WORK ITEM »
The exercise calls for exact output of the lines between the one that contains "this 1900×1069 image." and the end of the data, with both ends kept and pictures left out.

===== SOURCE INFORMATION =====

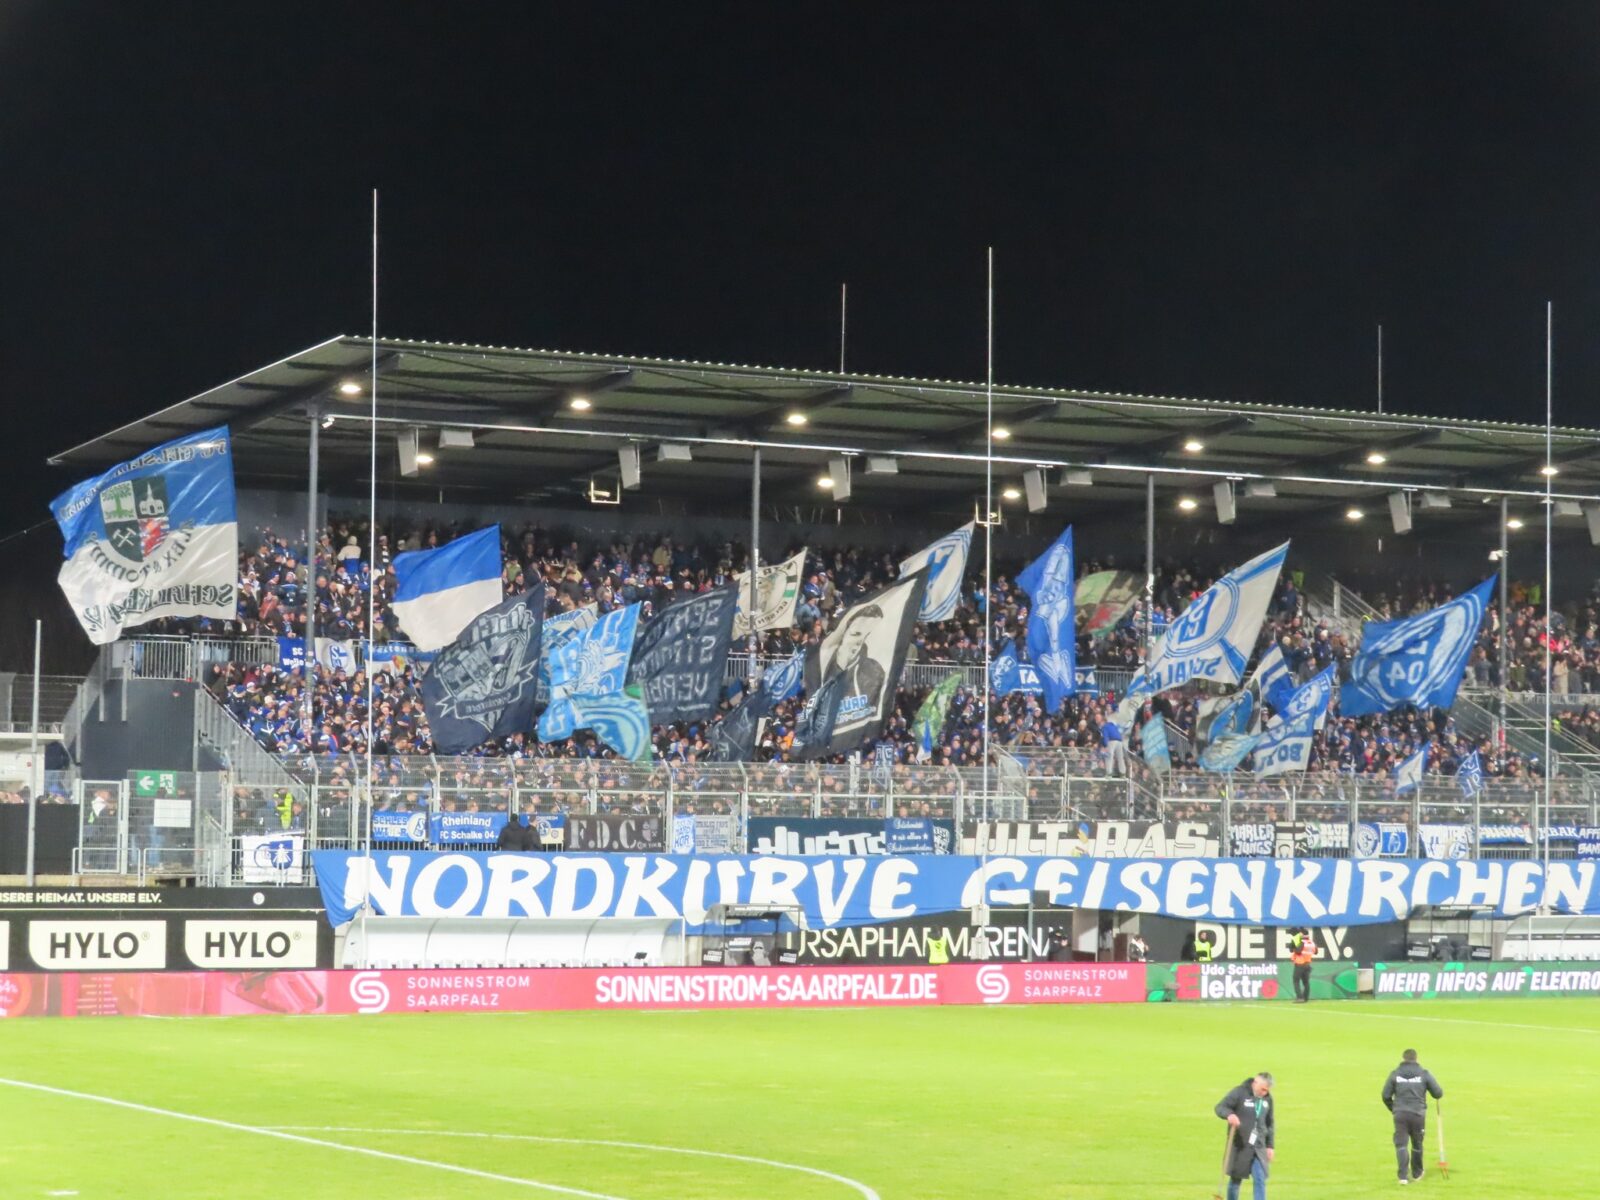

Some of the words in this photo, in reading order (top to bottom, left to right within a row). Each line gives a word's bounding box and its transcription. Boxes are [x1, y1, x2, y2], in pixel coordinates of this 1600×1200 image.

[442, 814, 492, 828] Rheinland
[451, 831, 482, 839] Schalke
[0, 892, 33, 904] SERE
[36, 892, 85, 904] HEIMAT.
[87, 892, 136, 904] UNSERE
[343, 854, 920, 929] NORDKURVE
[1024, 969, 1129, 981] SONNENSTROM
[1201, 963, 1226, 976] Udo
[1228, 963, 1278, 976] Schmidt
[407, 975, 530, 990] SONNENSTROM
[595, 973, 938, 1003] SONNENSTROM-SAARPFALZ.DE
[1378, 972, 1431, 993] MEHR
[1435, 972, 1488, 992] INFOS
[1491, 971, 1526, 992] AUF
[1024, 985, 1103, 998] SAARPFALZ
[407, 993, 499, 1008] SAARPFALZ
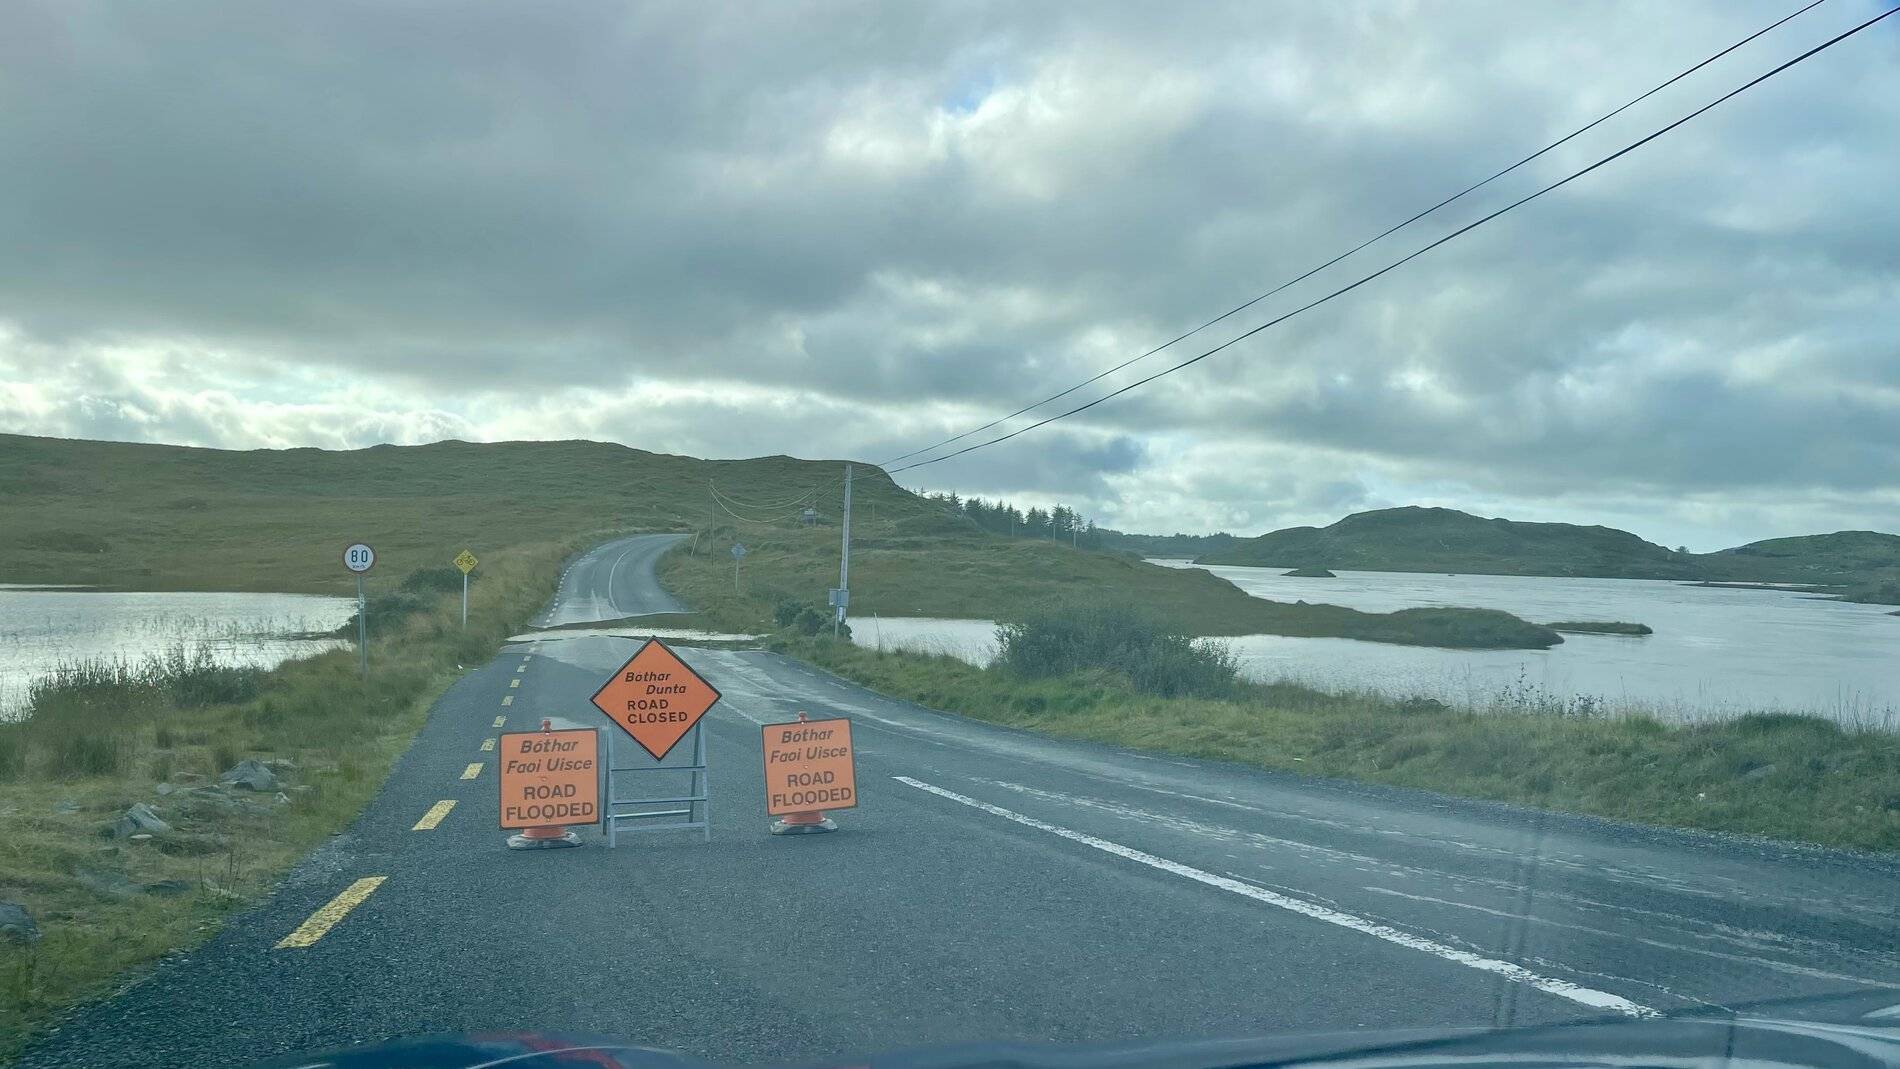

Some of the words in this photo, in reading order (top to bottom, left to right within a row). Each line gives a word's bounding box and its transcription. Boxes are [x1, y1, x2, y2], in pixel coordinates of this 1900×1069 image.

[351, 549, 368, 563] 80
[646, 683, 686, 695] Dunta
[627, 699, 669, 710] ROAD
[627, 712, 688, 724] CLOSED
[770, 749, 802, 763] Faoi
[806, 746, 848, 761] Uisce
[506, 759, 542, 774] Faoi
[546, 758, 592, 772] Uisce
[787, 771, 835, 787] ROAD
[523, 783, 577, 800] ROAD
[772, 788, 852, 807] FLOODED
[506, 802, 594, 821] FLOODED
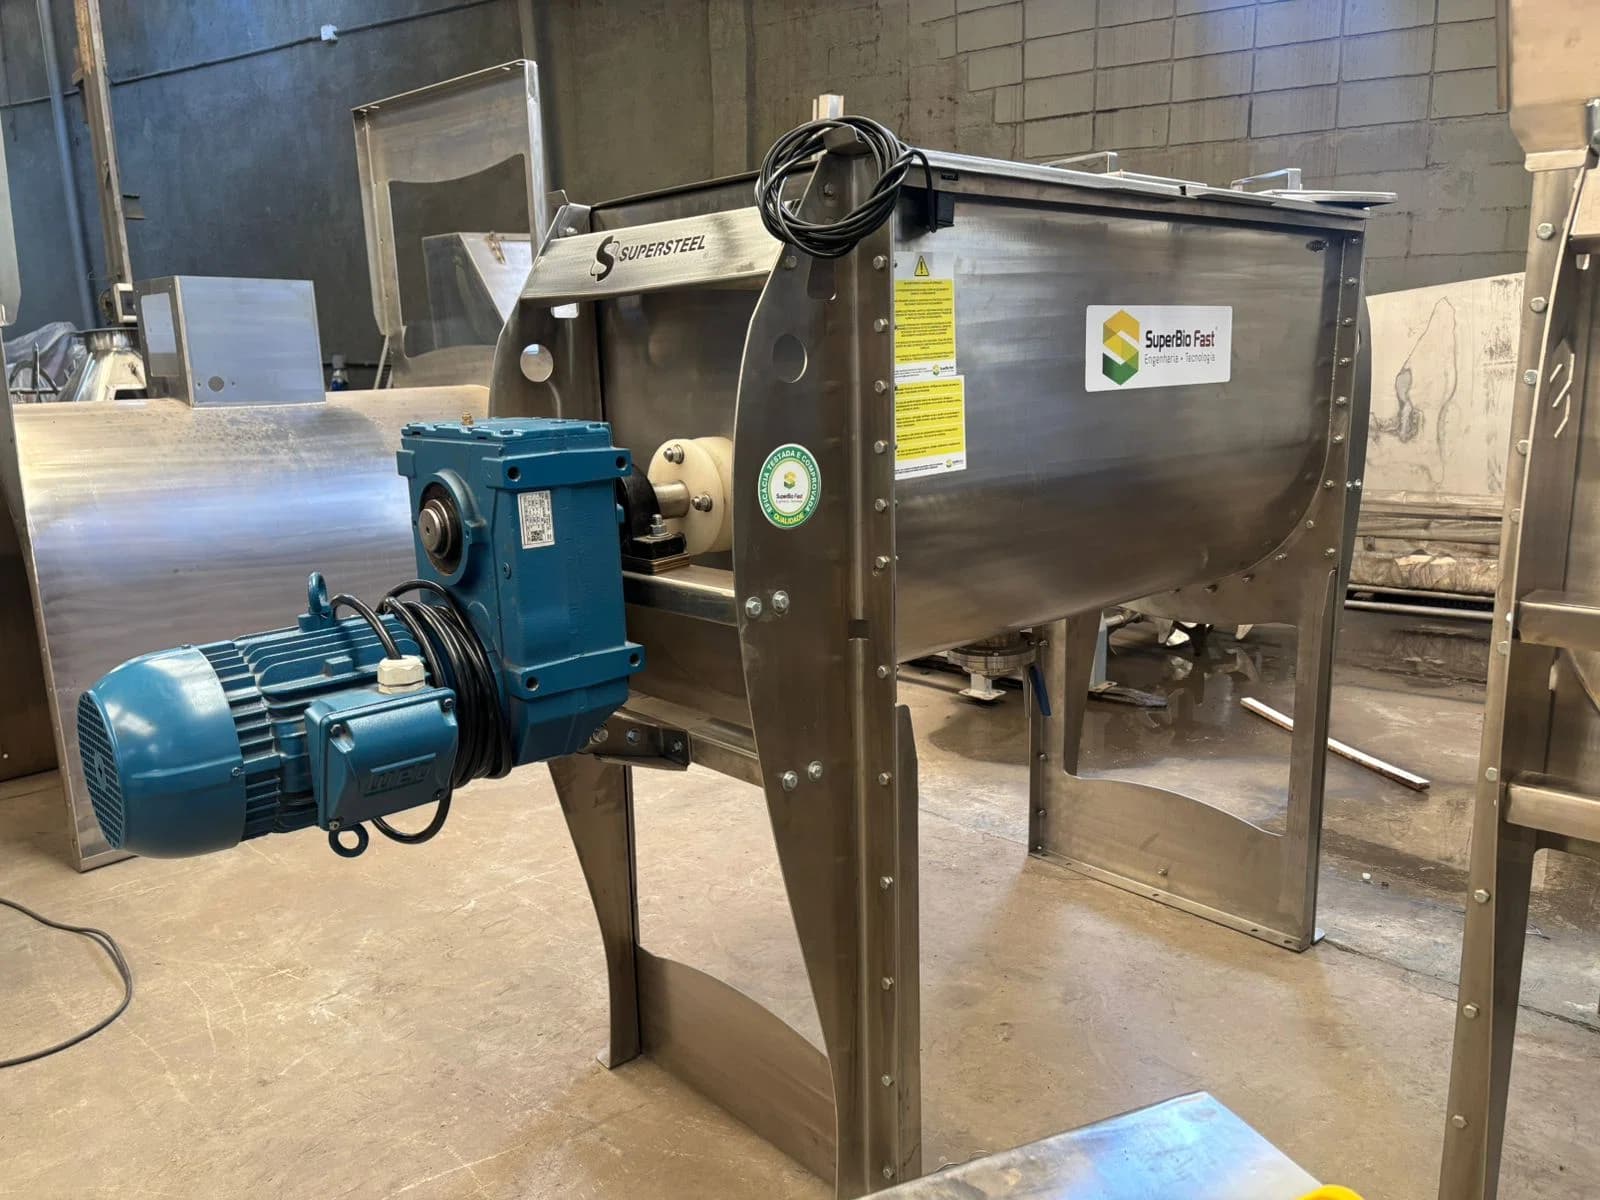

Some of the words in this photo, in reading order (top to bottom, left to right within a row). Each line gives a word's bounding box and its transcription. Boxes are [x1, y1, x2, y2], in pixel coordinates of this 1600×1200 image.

=====

RESPONSE TO THIS TASK »
Some of the words in this photo, in reading order (top to bottom, left to right within a row). Each line gives a word's bounding box and its transcription. Boxes are [x1, y1, x2, y2], in pixel coordinates of this 1900×1069 image.

[351, 549, 368, 563] 80
[646, 683, 686, 695] Dunta
[627, 699, 669, 710] ROAD
[627, 712, 688, 724] CLOSED
[770, 749, 802, 763] Faoi
[806, 746, 848, 761] Uisce
[506, 759, 542, 774] Faoi
[546, 758, 592, 772] Uisce
[787, 771, 835, 787] ROAD
[523, 783, 577, 800] ROAD
[772, 788, 852, 807] FLOODED
[506, 802, 594, 821] FLOODED

Some of the words in this photo, in reading order (top to bottom, left to right within a row). Each line gives a word's bounding box and its transcription. Boxes are [x1, y1, x2, y2], in pixel coordinates of this 1600×1200 image.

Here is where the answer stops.